By Siska S. Hutapea
Guam real estate activity in 2023 was severely affected by the interest rate hikes. Total real estate mortgage recorded as of Dec. 22, were down significantly by 38% compared to 2022. The U.S. Small Business Administration’s 4% annual interest rate loan associated with Typhoon Mawar helped small businesses in 2023, and if we include this in the mortgage activity, at $81 million, the total is only down by 26%.
Overall, Guam real estate sales volume was down by 23% in 2023 at $460 million. Limited supply due to high construction costs, high interest rates, and Typhoon Mawar have all contributed to this. Typhoon Mawar hit us hard on multiple fronts. It hit Guam’s infrastructure, our tourism market, and our economy overall. The military buildup mega construction activity only benefits a select few, and the real economic trickle effect will be felt if the tourism industry recovers.
Residential (single family and condominium) real estate activity was also severely affected by the interest rate hovering around 7% in 2023. Residential sales went down by 20% to $350.8 million in 2023. The single-family dwelling sector was down by 26% compared to 2022 at $229 million, as affordability was severely impacted by the interest rate. The condominium sector is down by 4.7%. Buyers who were outpriced in the single-family sector shifted to condominium units. The median price of single-family dwellings softened by 4%compared to 2022 at $401,500.
A policy to help development is really needed to ease the inventory issue, the biggest levers of housing affordability.
Creating positive policies is one of the very few things that are within our control. We have the H-2 workers housing issue that needs to be resolved. This temporary issue will need complex thinking, as we need to be able to adapt the use of the facility after the need dissipates in the next five to 10 years. The Additional Dwelling Unit bill by Sen. Chris Duenas needs support. The last part of this bill that requires a variance or conditional use permit from the Guam Land Use Commission prior to leasing needs to go, as this process can be so tedious as we have seen in any setback/variance request. FHA recently announced that it will lend first time homeowners fund to build ADU and count the ADU rental income to increase affordability. Last but not least, the building permit process needs to be streamlined and staffing needs to be added at the EPA and SHPO office.
Growth corridors for real estate developments are along Route 3 in Dededo and Route 15 in Mangilao. The return of former federal excess land along Route 3, zoning of the area into mostly M1, Light Industrial Zone and of course the proximity to Marine Corps Base have enabled this area to be the upcoming area of developments. Various residential developments are approved or in process at GLUC, so are many food and beverage outlets and other commercial developments are in the pipeline. We are assisting our clients to conduct feasibility study for development mix. Route 15 received attention due to the proposed medical complex and Army complex. There are also multitude of returned former federal excess land in this area. Similarly, commercial and residential developments are being proposed in the area in anticipation of growing demand.

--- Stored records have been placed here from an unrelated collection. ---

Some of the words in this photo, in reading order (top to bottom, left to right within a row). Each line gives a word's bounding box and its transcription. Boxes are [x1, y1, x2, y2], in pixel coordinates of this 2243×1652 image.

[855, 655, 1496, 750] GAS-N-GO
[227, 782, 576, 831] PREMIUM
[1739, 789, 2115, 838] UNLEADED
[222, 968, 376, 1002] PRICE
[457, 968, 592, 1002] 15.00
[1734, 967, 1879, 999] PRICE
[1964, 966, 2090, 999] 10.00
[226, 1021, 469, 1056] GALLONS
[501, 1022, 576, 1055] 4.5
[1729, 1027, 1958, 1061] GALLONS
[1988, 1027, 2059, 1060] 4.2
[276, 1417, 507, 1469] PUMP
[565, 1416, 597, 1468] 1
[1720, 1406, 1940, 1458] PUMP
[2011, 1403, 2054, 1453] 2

I was not terribly excited about the top ten sales in 2023, although it could likely be a derivation of wisdom that comes with 25 years of experience. The top sale was the $16.4 million sale of 45 units at Ladera Towers; and there are two other bulk unit sales in this project.

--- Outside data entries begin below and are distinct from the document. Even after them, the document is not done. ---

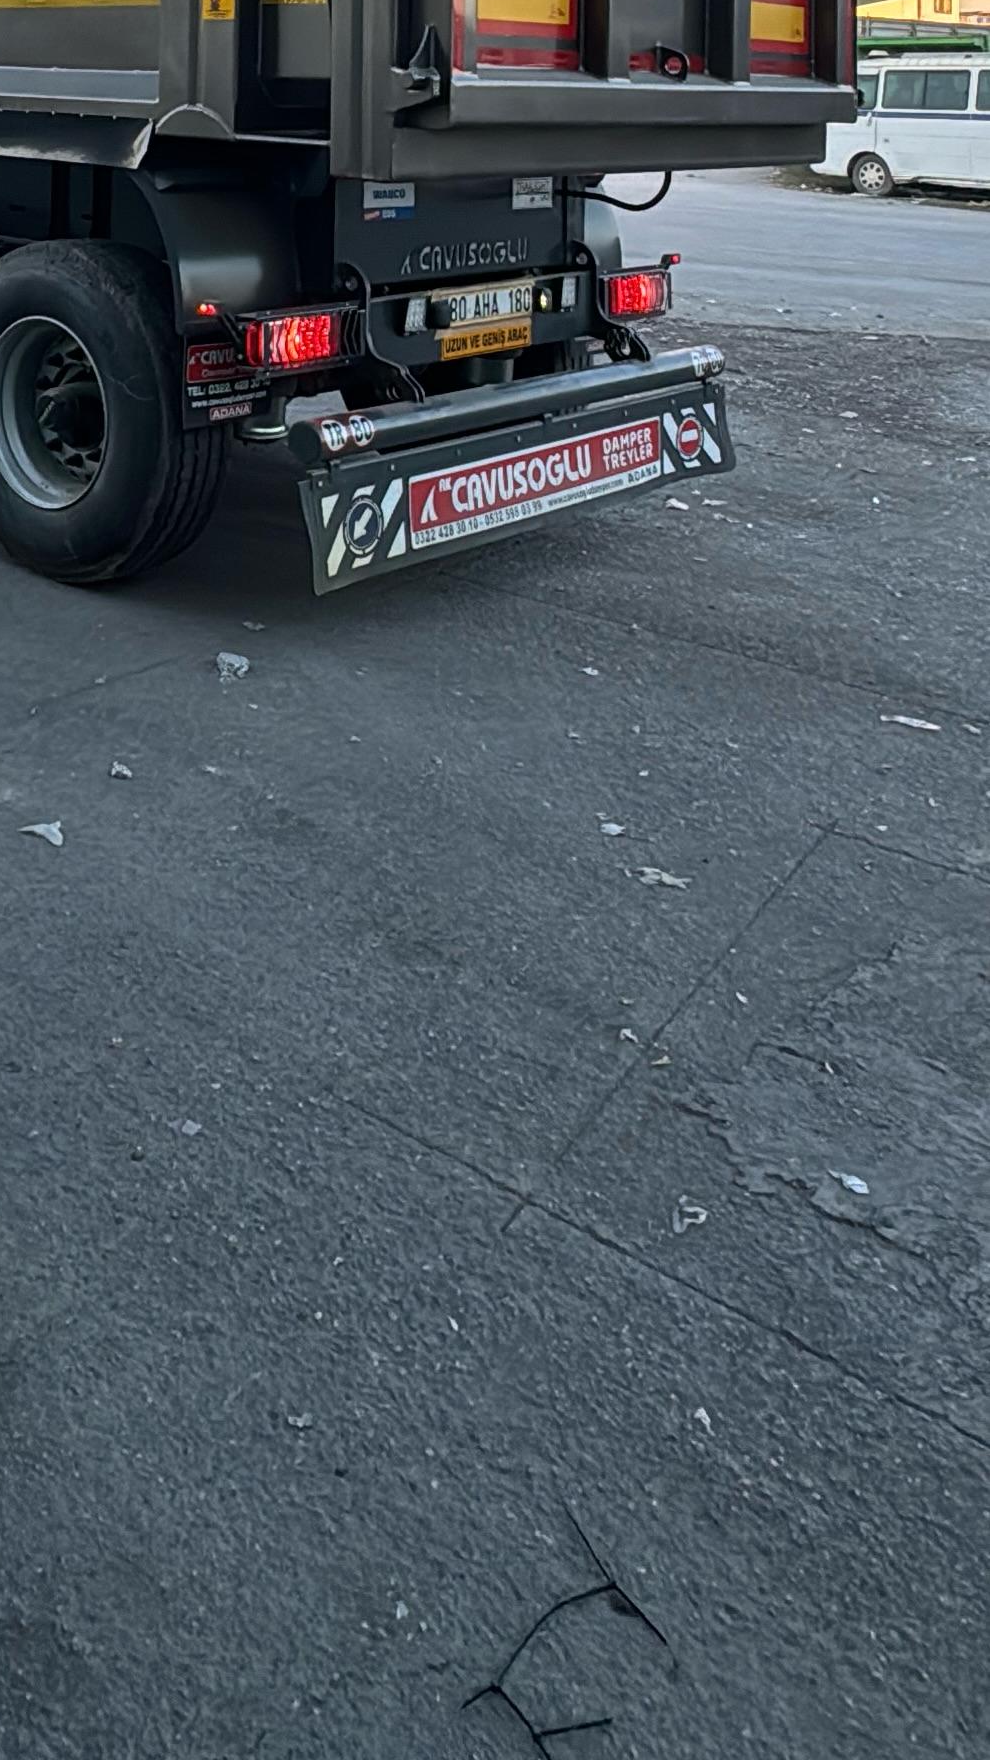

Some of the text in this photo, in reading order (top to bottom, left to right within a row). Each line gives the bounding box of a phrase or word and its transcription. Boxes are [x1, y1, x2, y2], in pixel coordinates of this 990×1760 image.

[420, 239, 528, 271] CAVUSOGLU
[450, 287, 531, 322] 80 AHA 180
[445, 335, 468, 353] UZUN
[470, 334, 480, 348] VE
[213, 404, 251, 419] ADANA
[322, 417, 373, 447] TR 80
[602, 427, 651, 455] DAMPER
[602, 442, 653, 472] TREYLER
[452, 443, 592, 513] CAVUSOGLU
[627, 463, 658, 484] ADANA

The Hotel Santa Fe sale to the developer of Talo Verde Townhouses at $8.0 million took second place. The once boutique hotel is now converted into workers’ housing, available for rent. A true sign of the times. Smithbridge acquired the old Perez Brothers facility in Hamburger Road for less than $7.0 million. An existing tenant acquired the large concrete warehouse near Tanota Gardens for $6.0 million. A piece of Tumon beachfront land containing a gross land area of 2,334 square meters near Pleasure Island was acquired by a local family for $4.3 million. A Guamanian kid that made it in the mainland expanded her self-storage portfolio with the acquisition of the Guam Mini Storage at $4.0 million, adding a new healthy competitor to this flourishing sector. Another local family acquired a 14-unit condominium in Yigo for $3.3 million. The other sales include a financial institution building and the Government of Guam acquisition of a brand-new concrete warehouse.

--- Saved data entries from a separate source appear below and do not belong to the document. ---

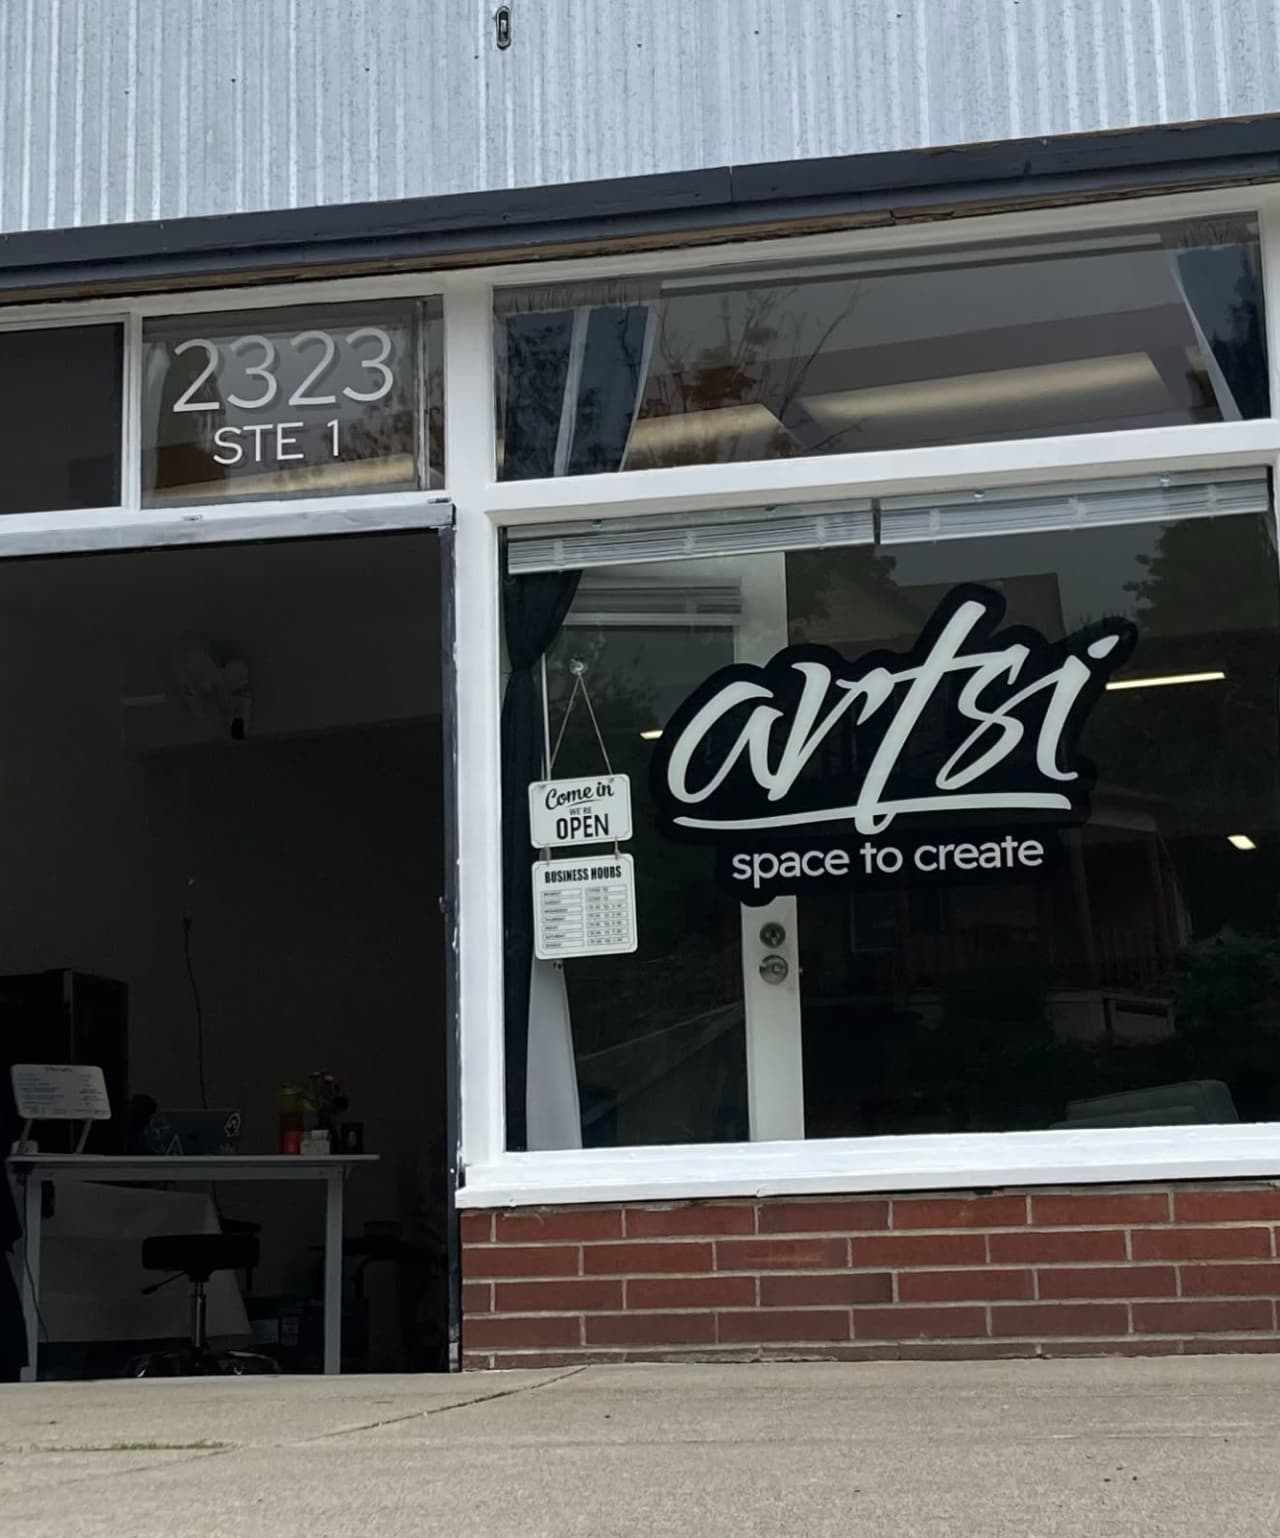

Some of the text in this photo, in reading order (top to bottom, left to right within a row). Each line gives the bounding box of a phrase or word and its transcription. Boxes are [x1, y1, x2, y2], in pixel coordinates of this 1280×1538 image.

[173, 327, 395, 413] 2323
[213, 420, 340, 466] STE 1
[667, 600, 1120, 836] artsi
[545, 781, 615, 810] Come in
[569, 807, 592, 816] WE'RE
[556, 813, 609, 840] OPEN
[544, 865, 622, 884] BUSINESS HOURS
[731, 834, 1045, 889] space to create
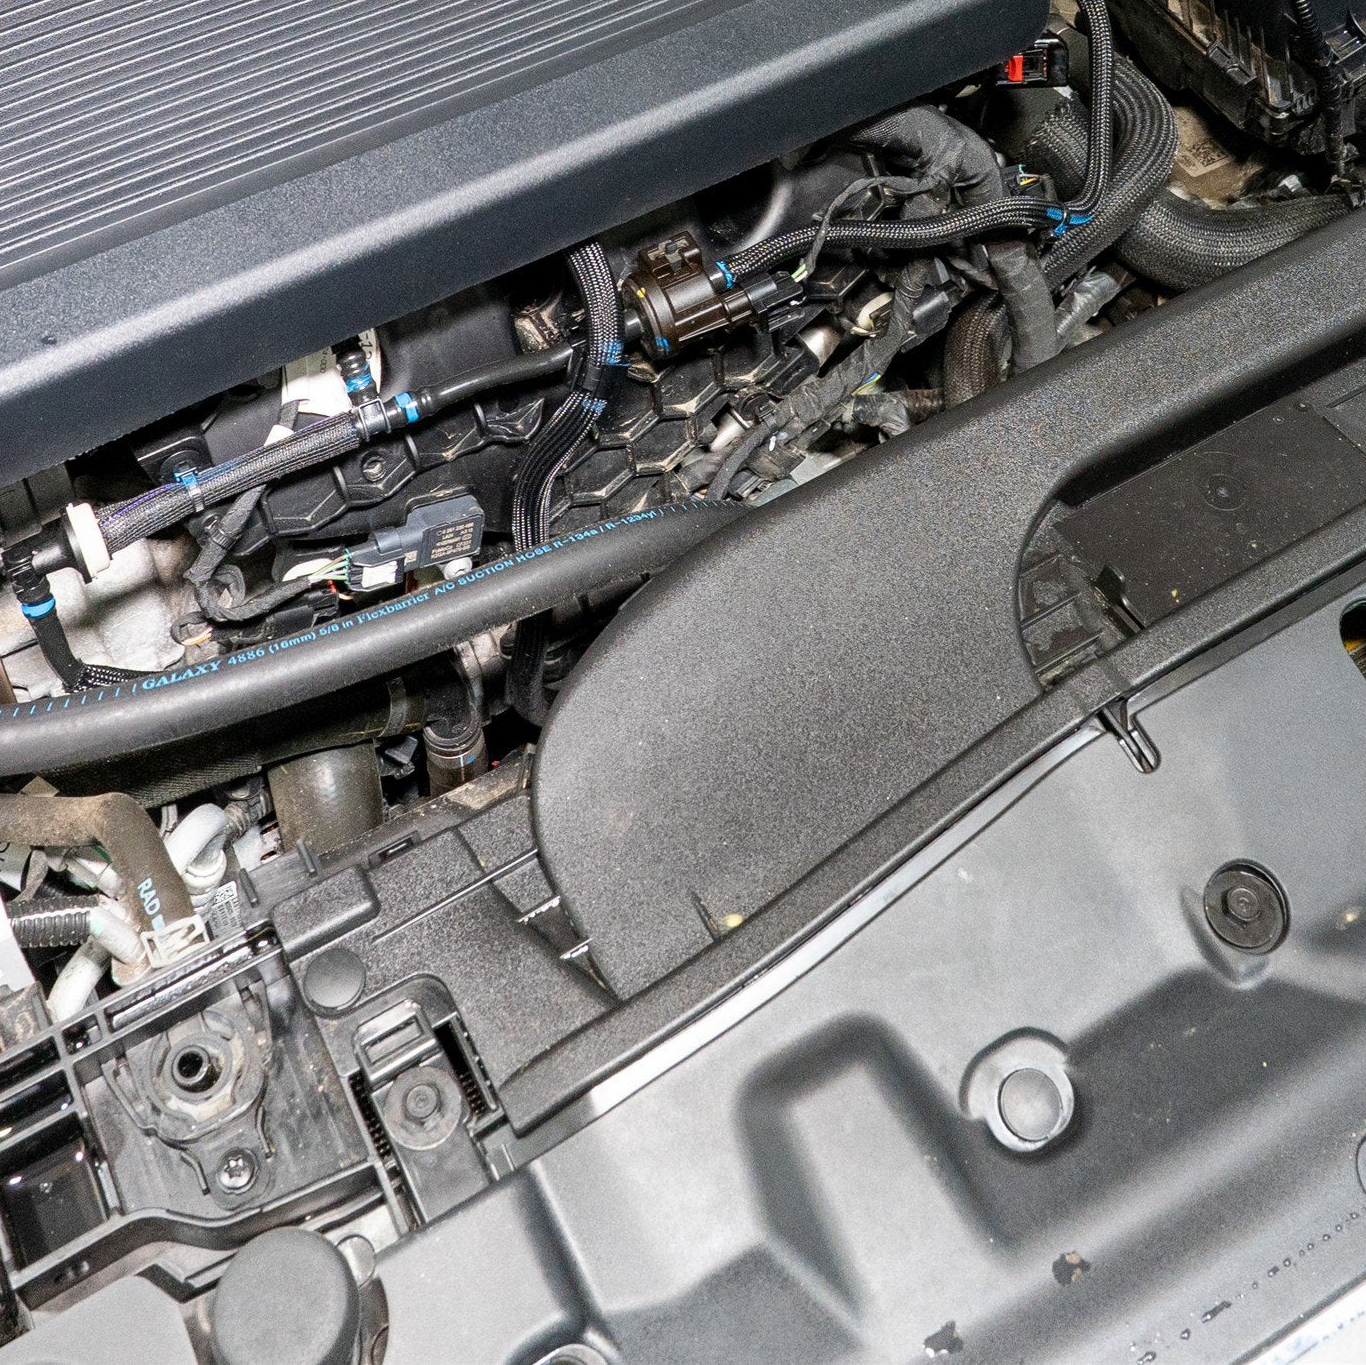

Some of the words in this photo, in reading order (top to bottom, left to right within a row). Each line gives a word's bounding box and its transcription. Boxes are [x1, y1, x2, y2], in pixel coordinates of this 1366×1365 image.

[140, 658, 223, 693] GALAXY
[225, 645, 266, 669] 4886
[340, 616, 355, 629] in
[355, 591, 431, 624] Flexbarrier
[432, 578, 457, 599] A/C
[455, 556, 516, 590] SUCTION
[514, 544, 553, 568] HOSE
[551, 523, 600, 552] R-134a
[137, 877, 162, 916] RAD

Military expansion is going to continue in this region. I had the benefit of opening a new market in Pohnpei, Kosrae and Yap in summer 2023. The geopolitical threat is real, and the game is a long one. Guam has the capability of becoming a headquarters in this part of the region and expanding the economy through cooperation. The coming year will see Guam a play more significant role.
As my favorite writer C.S. Lewis said, “There are far, far better things ahead than any we leave behind.” I suppose this is the attitude that many of our real estate clients took. Looking at opportunities, changing the mindset, and just keep plowing on. Creative solutions to real estate investment need taking a hard look at expenses, increasing income by upgrading the product, automation of process, seller financing, and many others are the tools that are being used to make it happen in otherwise challenging times.
They are not afraid of leaving what used to be their cup of tea, because now they drink champagne.
Siska S. Hutapea is founder and president of Cornerstone Valuation Guam Inc., a real-estate valuation and advisory company. She is a member of the board of directors of the Guam Chamber of Commerce and the Guam Economic Development Authority.